First of all, we know of those people who don't like to be a bother. Words we have all heard so often - "I'm getting a bit of a burden for my family, I'd be better out of the way." True, that person may be hard work for the family but, despite the occasional cross moment, the family and staff really find it a privilege to look after Nana and it helps if they can get some respite from time to time.
But how many people will request euthanasia because they feel they ought to, not because they want to? How many will request euthanasia for their families' sake and not their own? If the law is passed, how many of some of our best people - best because they are unselfish and think of others - will die illegally? It is voluntary not volunteer euthanasia, but it may be difficult at times to separate them.
That could happen in the best of households, but what could happen in the not-so-best?

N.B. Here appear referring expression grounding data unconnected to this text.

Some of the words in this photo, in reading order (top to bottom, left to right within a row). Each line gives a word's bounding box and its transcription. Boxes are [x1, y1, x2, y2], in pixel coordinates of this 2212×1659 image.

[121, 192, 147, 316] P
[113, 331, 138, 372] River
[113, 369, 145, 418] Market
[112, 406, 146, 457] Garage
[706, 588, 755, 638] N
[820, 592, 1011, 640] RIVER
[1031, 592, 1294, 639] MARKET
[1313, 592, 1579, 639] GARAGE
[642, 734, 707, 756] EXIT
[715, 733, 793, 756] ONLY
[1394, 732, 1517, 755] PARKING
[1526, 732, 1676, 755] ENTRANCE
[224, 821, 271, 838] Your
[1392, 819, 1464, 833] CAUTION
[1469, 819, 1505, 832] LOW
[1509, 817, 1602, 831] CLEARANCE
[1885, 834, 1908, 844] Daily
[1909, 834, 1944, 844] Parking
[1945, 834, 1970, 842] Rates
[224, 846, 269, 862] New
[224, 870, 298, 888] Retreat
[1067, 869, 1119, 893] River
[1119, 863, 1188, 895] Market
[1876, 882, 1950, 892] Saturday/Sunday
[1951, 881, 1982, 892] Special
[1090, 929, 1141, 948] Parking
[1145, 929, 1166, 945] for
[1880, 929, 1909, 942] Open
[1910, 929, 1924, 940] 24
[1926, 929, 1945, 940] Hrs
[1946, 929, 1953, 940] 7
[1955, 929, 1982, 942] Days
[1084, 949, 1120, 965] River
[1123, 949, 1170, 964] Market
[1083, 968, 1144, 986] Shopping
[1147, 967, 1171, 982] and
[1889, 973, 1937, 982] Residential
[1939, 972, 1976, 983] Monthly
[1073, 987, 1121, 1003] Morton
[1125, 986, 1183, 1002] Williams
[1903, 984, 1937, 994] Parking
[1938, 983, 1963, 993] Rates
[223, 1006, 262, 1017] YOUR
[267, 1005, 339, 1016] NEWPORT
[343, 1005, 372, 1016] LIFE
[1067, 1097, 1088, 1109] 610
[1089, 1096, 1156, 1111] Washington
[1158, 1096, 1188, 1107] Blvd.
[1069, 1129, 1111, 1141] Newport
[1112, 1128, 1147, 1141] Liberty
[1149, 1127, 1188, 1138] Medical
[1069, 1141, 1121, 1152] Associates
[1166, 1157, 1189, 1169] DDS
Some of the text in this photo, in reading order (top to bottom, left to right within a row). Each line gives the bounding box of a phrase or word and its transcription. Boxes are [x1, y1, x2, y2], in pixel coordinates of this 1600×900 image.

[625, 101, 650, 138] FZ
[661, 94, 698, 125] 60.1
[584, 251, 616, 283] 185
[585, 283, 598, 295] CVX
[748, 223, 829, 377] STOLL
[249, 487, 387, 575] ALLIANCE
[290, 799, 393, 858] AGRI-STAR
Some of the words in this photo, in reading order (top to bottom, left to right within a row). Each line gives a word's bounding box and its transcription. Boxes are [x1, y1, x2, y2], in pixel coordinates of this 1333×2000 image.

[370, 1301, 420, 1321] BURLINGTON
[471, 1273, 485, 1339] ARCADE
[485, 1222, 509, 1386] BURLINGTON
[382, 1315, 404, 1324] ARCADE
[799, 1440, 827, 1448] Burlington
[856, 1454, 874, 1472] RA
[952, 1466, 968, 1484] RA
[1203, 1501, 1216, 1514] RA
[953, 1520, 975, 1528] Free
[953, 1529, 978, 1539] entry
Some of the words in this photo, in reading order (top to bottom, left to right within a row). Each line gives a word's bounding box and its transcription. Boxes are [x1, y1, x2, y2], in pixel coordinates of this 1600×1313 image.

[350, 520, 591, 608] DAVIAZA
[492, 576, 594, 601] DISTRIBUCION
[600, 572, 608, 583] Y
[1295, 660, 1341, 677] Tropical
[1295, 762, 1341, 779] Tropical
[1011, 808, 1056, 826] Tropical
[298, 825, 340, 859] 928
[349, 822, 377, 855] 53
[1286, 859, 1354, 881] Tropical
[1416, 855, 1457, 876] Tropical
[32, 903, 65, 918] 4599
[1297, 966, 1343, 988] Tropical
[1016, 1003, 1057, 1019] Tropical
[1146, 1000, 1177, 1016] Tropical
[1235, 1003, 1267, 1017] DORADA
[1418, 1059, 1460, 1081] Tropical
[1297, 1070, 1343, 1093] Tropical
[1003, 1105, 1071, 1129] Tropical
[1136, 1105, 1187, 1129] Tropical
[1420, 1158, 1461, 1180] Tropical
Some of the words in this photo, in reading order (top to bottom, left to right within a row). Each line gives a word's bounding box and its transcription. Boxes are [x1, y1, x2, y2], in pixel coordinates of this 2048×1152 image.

The subtle hints that Mum would be better out of the way. Far-fetched? I'm not so sure. There is a lot of good in people, sometimes an astounding amount - the daughter lovingly, sacrificially caring for her aged Dad who sexually assaulted her throughout her childhood - but there is a bad side to humanity as well.
I have heard children arguing over the patient's bed over the assets soon to become available - and I well remember an oldish man who came to us for symptom control. He was quite ill but rallied when his symptoms improved. Ten days later, when he was ready to go home, we found his children had sold his flat without telling even him. So we had to find a place in a residential home.
Some people want others out of the way.
How are we to protect the vulnerable?
I note that in Holland, 20 percent - 1 in 5 - were killed without the patient's permission. That doesn't say much for free choice and patient autonomy - the fundamental reason for the Death With Dignity Bill.
In the statistics at the back of Lesley Martin's book "To Die Like a Dog" it records (page 234) that in 1995, 913 people had termination of life without express request (a little better than 1990 when it was 976). How can we even contemplate a change of law here until we know how to make euthanasia voluntary?
One person dying against their will is too much, let alone 913. Ironically, I seem now to be the one asking for more patient autonomy.
I'll finish with one or two very practical medical matters:
- It looks as if doctors will have to do it. All our training and
work, all our getting up at night to emergencies, is to preserve life. The
New Zealand Medical Association is against the bill. will there be many
willing to actually take life away? I don't know. Possibly after the first
kill it becomes easier.
- Depressed people, and people with a low mood, often feel like suicide,
so will there be safeguards against euthanasia for depression? But
depression is notoriously difficult to diagnose in the terminally ill, and
low mood can rise with support - it is a Kübler-Ross stage. And where will
the psychiatrists come from? We are short already. It may take several
consultations to be certain that there is no treatable depression.
- Will the end always be so dignified? An intravenous injection, Thiopentone, to put to sleep and then a drug to paralyse the muscles so breathing stops? I would guess this is the best way and the most dignified. The bill does not specify the means
Second year house surgeons and anaesthetists are of course the experts in vein cannulisation, but would patients be willing to go to hospital for this, or would those hospital doctors be willing to attend homes to euthanise? I doubt both scenarios.
I think my three biggest worries are good people accepting voluntary euthanasia for other people, and bad people using it for their own ends, which will lead to a growing mistrust of a doctor or nurse's good intentions.
Personally I don't believe in killing anyone.
The doctor/patient, nurse/patient relationship is vitally important at the end of life and I believe that we should put our energies into hospice services which encourage people to find a positive phase of life, even in their dying.